Re-platforming. A hybrid approach implies a partial refinement of the systems architecture. For example, implementing a managed database or using dynamic scaling functionality. This migration strategy takes longer than the first method, but the company becomes more efficient and adapted to the cloud.
The main steps of cloud migration
IT-infrastructure differs from company to company, so the process of migration is always different. But the plan usually includes the following steps:
Step 1: Data Migration
Creating a copy of the company's data in cloud storage is a mandatory first step when migrating to the cloud. It is important to choose a robust storage facility with backup systems. After all, the more security levels the storage system offers, the more reliable your databases will be.
Please note that copying raw data is only part of the initial migration process.

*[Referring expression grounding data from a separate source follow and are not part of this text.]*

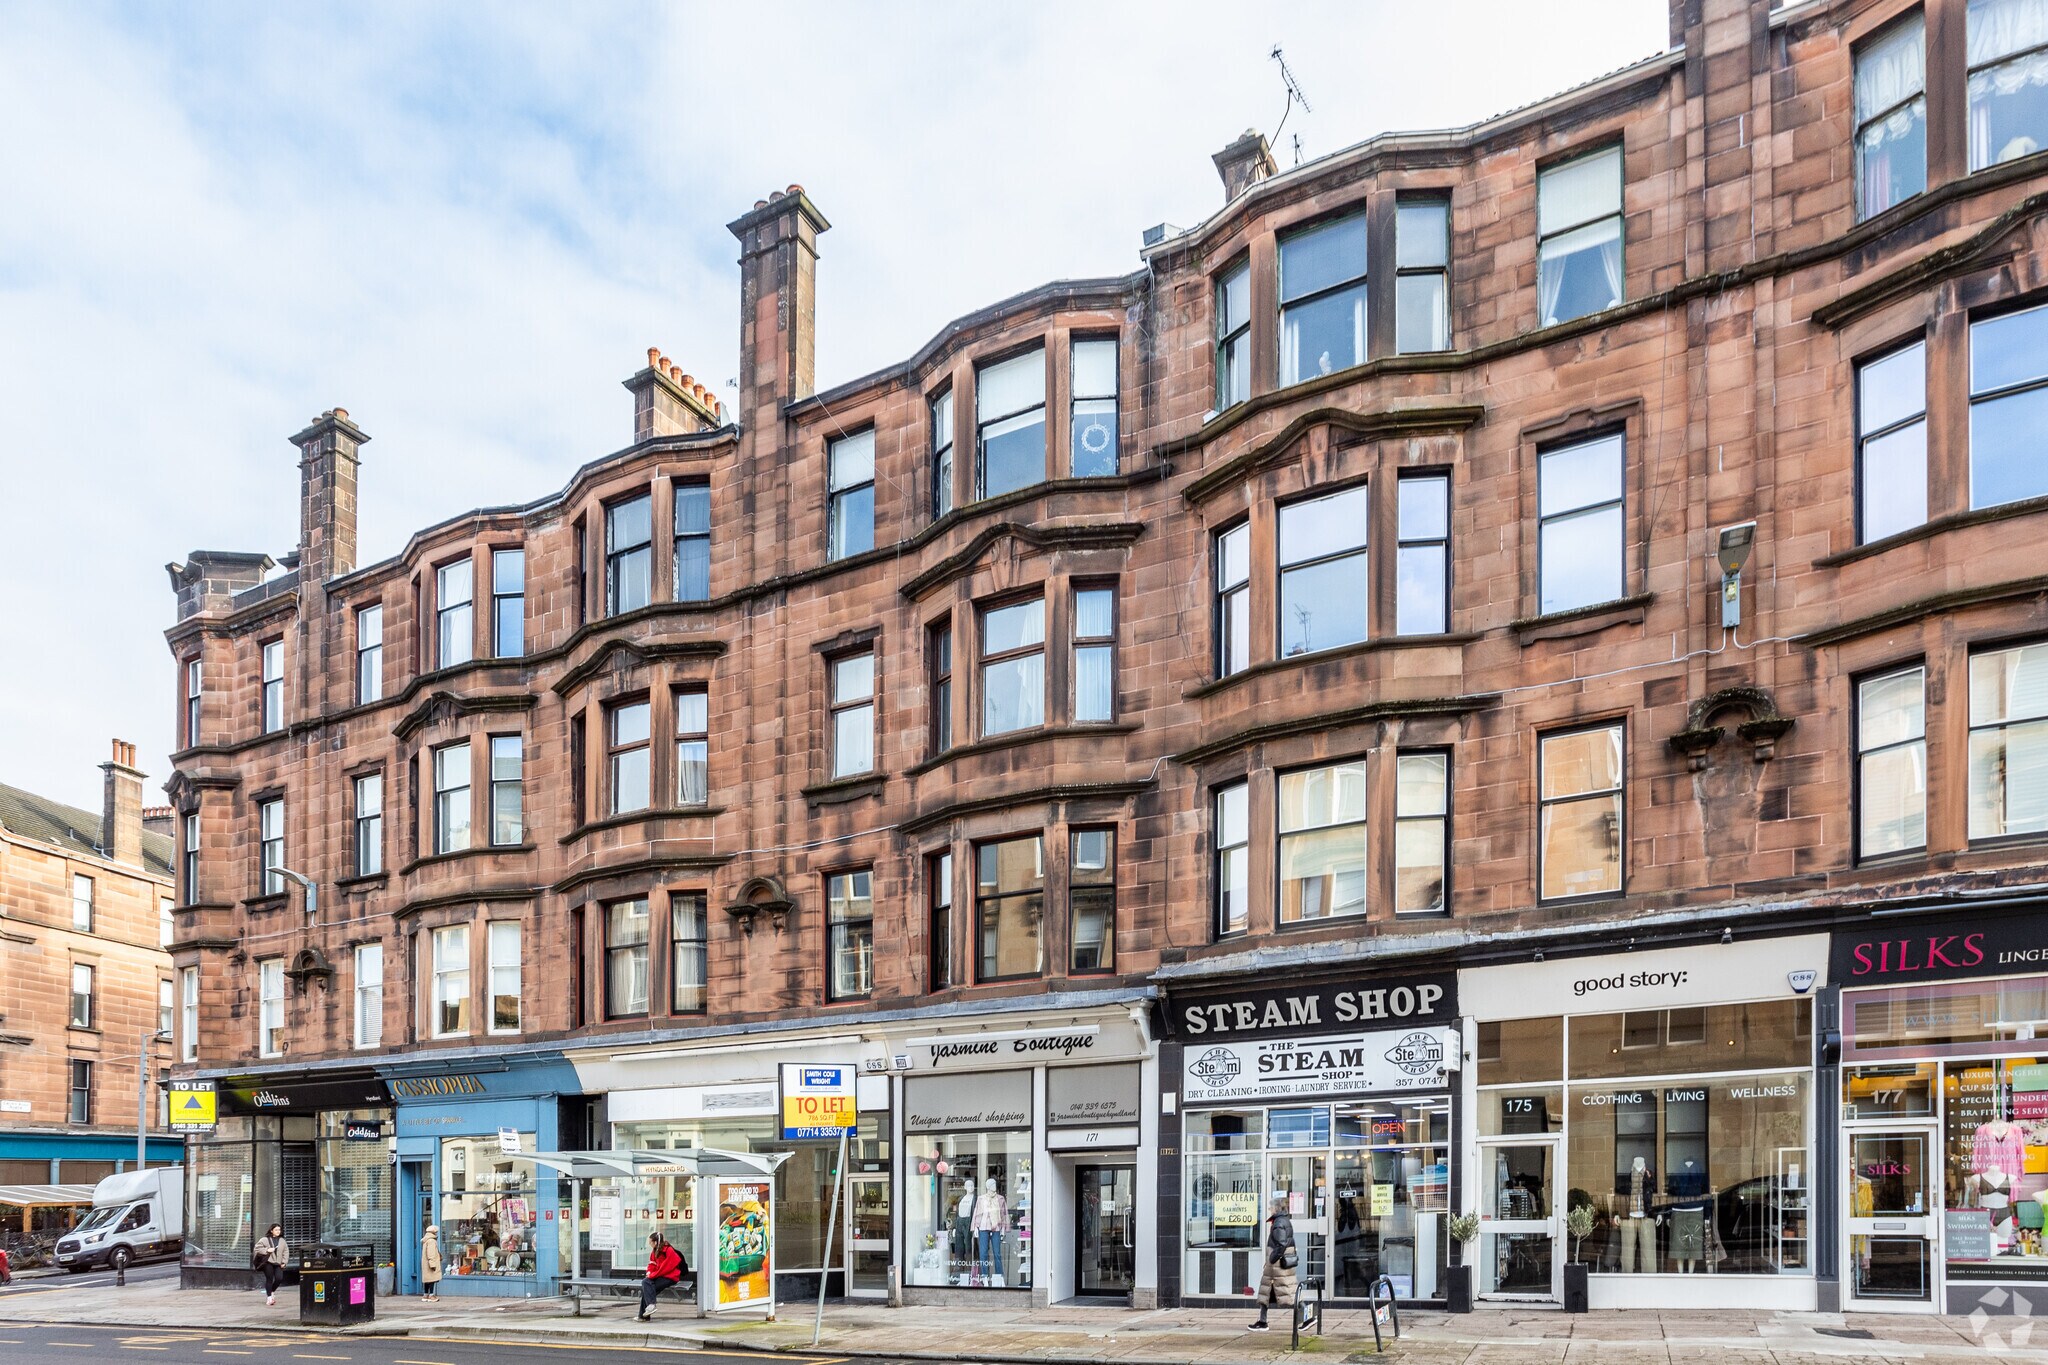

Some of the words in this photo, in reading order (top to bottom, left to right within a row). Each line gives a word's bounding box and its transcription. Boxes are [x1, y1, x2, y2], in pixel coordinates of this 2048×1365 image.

[1852, 933, 1985, 975] SILKS
[1573, 973, 1624, 996] good
[1629, 971, 1688, 988] story:
[1185, 995, 1322, 1034] STEAM
[1334, 984, 1443, 1022] SHOP
[1407, 1034, 1429, 1042] THE
[1270, 1042, 1294, 1051] THE
[930, 1041, 998, 1067] Jasmine
[1209, 1049, 1228, 1057] THE
[1258, 1048, 1364, 1073] STEAM
[1403, 1063, 1431, 1074] SHOP
[1322, 1071, 1353, 1080] SHOP
[1960, 1071, 1994, 1079] LUXURY
[173, 1082, 190, 1091] TO
[192, 1082, 212, 1091] LET
[393, 1075, 487, 1097] CASSIOPEIA
[1205, 1076, 1230, 1086] SHOP
[1418, 1077, 1443, 1085] 0747
[1188, 1090, 1204, 1098] DRY
[1207, 1087, 1253, 1097] CLEANING
[1259, 1085, 1291, 1094] IRONING
[1295, 1082, 1330, 1092] LAUNDRY
[1333, 1080, 1367, 1090] SERVICE
[1960, 1084, 1979, 1092] CUP
[1582, 1093, 1642, 1106] CLOTHING
[1666, 1090, 1705, 1103] LIVING
[1730, 1086, 1796, 1099] WELLNESS
[1871, 1089, 1904, 1104] 177
[796, 1097, 818, 1114] TO
[823, 1097, 846, 1114] LET
[1506, 1099, 1532, 1112] 175
[1960, 1109, 1978, 1117] BRA
[910, 1115, 942, 1128] Unique
[944, 1112, 982, 1126] personal
[985, 1110, 1025, 1124] shopping
[347, 1126, 379, 1138] Oddbins
[797, 1127, 819, 1138] 07714
[1372, 1122, 1406, 1134] OPEN
[1085, 1133, 1099, 1142] 171
[1867, 1164, 1911, 1175] SILKS
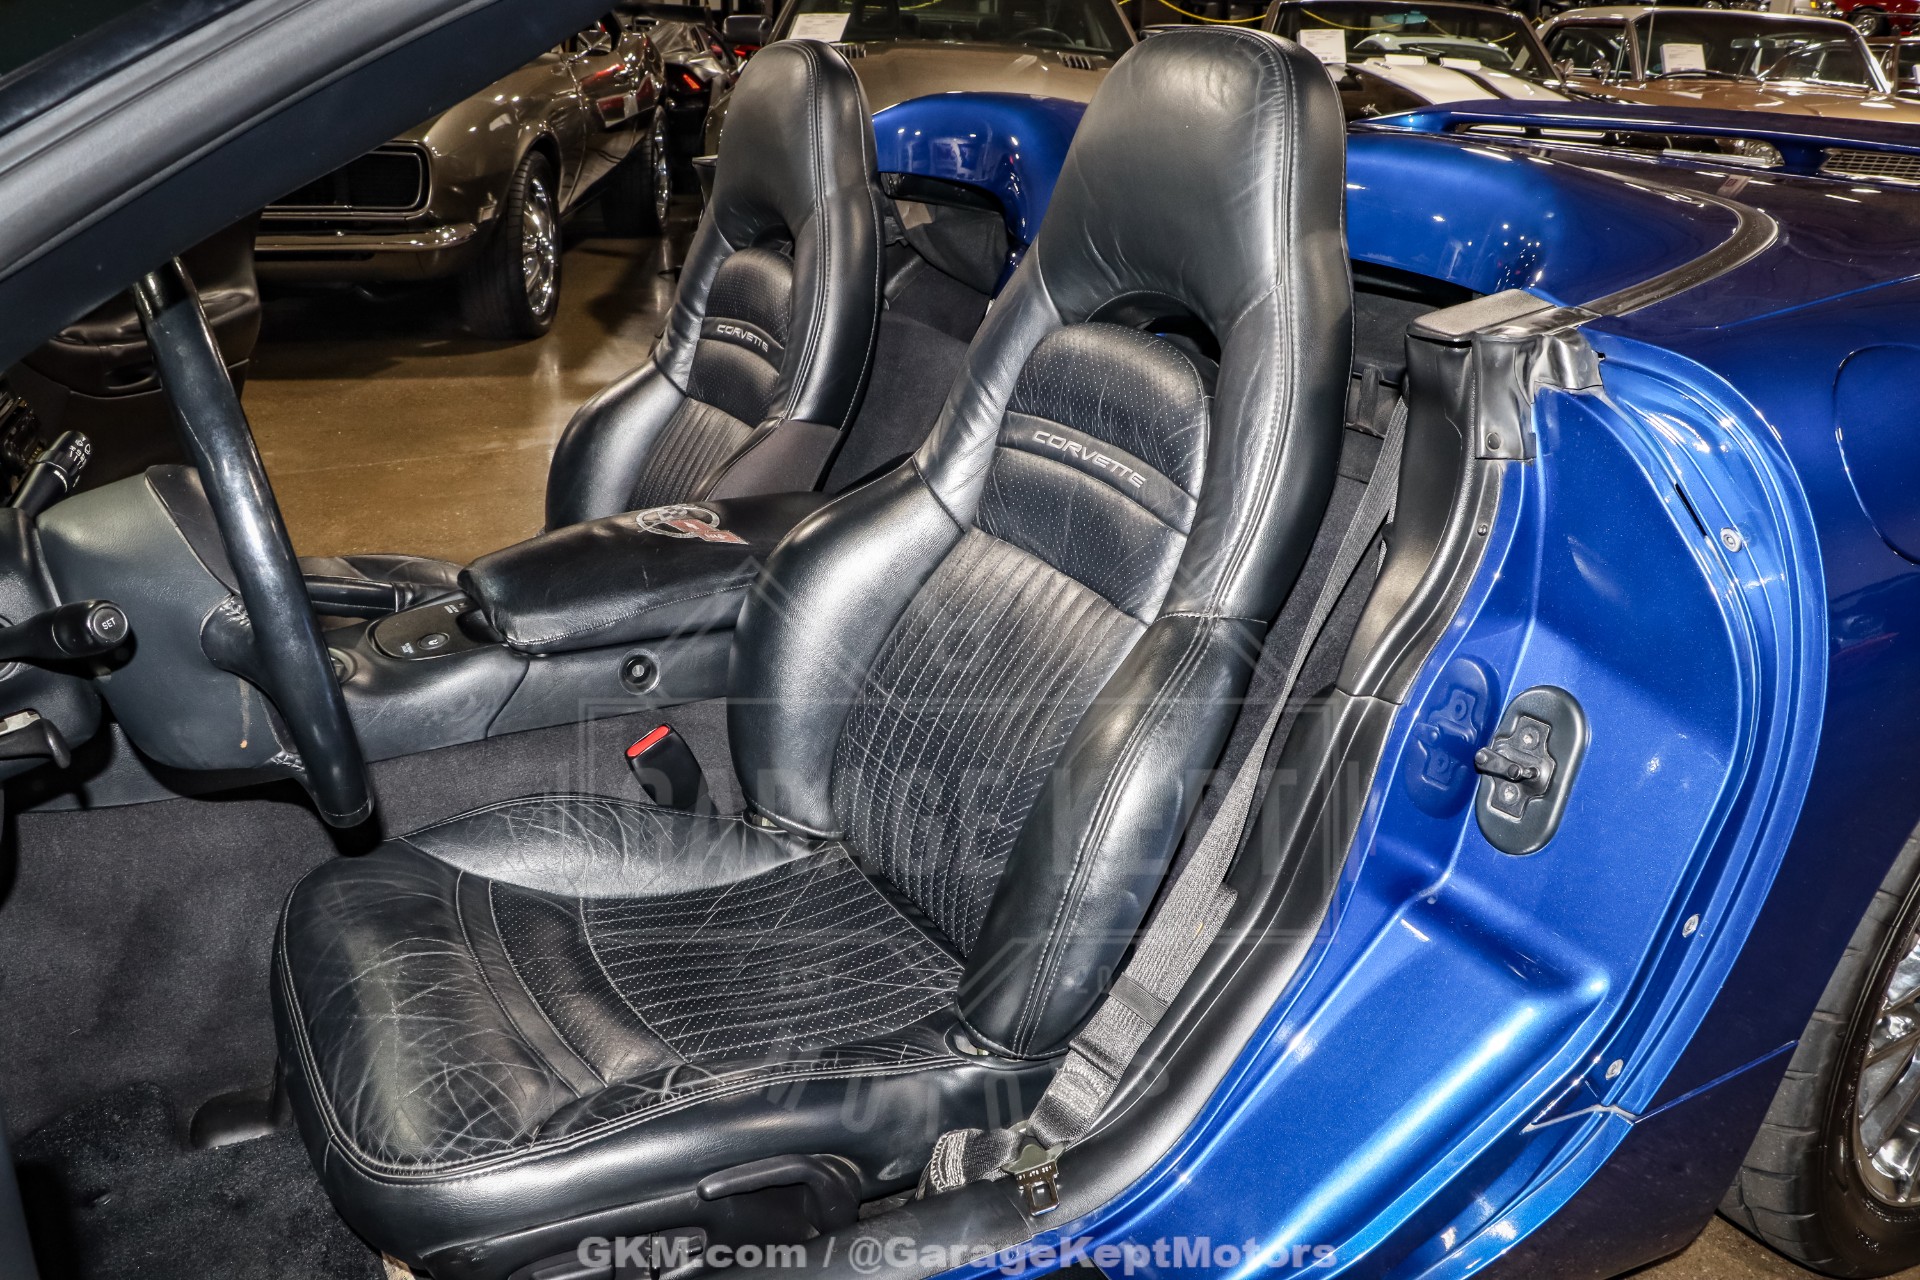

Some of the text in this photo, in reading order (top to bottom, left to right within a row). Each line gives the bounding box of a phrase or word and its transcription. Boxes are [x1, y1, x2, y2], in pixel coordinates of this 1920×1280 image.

Be sure to check the formats and schemas of data exported from one repository to another.
Step 2: Replication
Once the export of the local storage snapshot is complete and the data is moved to the cloud, you need to set up synchronization processes. Ongoing replication is more complex than the copy process, as it is a series of incremental copy operations. Each operation requires logging changes to the data and its schema and applying those changes to the cloud storage.
Any data synchronization solution in the cloud and on-premises infrastructure (or another cloud) needs to be tested for latency and reliability. Synchronization can be set up independently or you can choose a data pipeline service to handle continuous data and schema replication. When everything is set up, you can migrate the rest of your infrastructure.
Step 3: Ensuring Security
Organizing a cloud infrastructure, while technologically complex, is easier than building a physical one. Do not rush into this, because the threat of information security is one of the reasons companies refuse to implement the cloud. With cloud platforms, corporate assets are no longer behind a manually configured firewall, and the network perimeter does not seem to exist. That is not true; there are both firewalls and perimeters.
To be effective, the protection process requires the involvement of a variety of specialists beyond the IT department, because migration entails technological changes and structural modifications.
Moving to virtual servers in the cloud can change the functional roles and operations within your business. And employees may need help with learning new systems and work algorithms. Although the business processes themselves will not change, the work environment usually remains unchanged.In general, the main difficulties for the company are choosing a provider, configuring security, and ensuring that applications and services interact with the cloud environment. The rest of the processes have long been established and do not cause problems.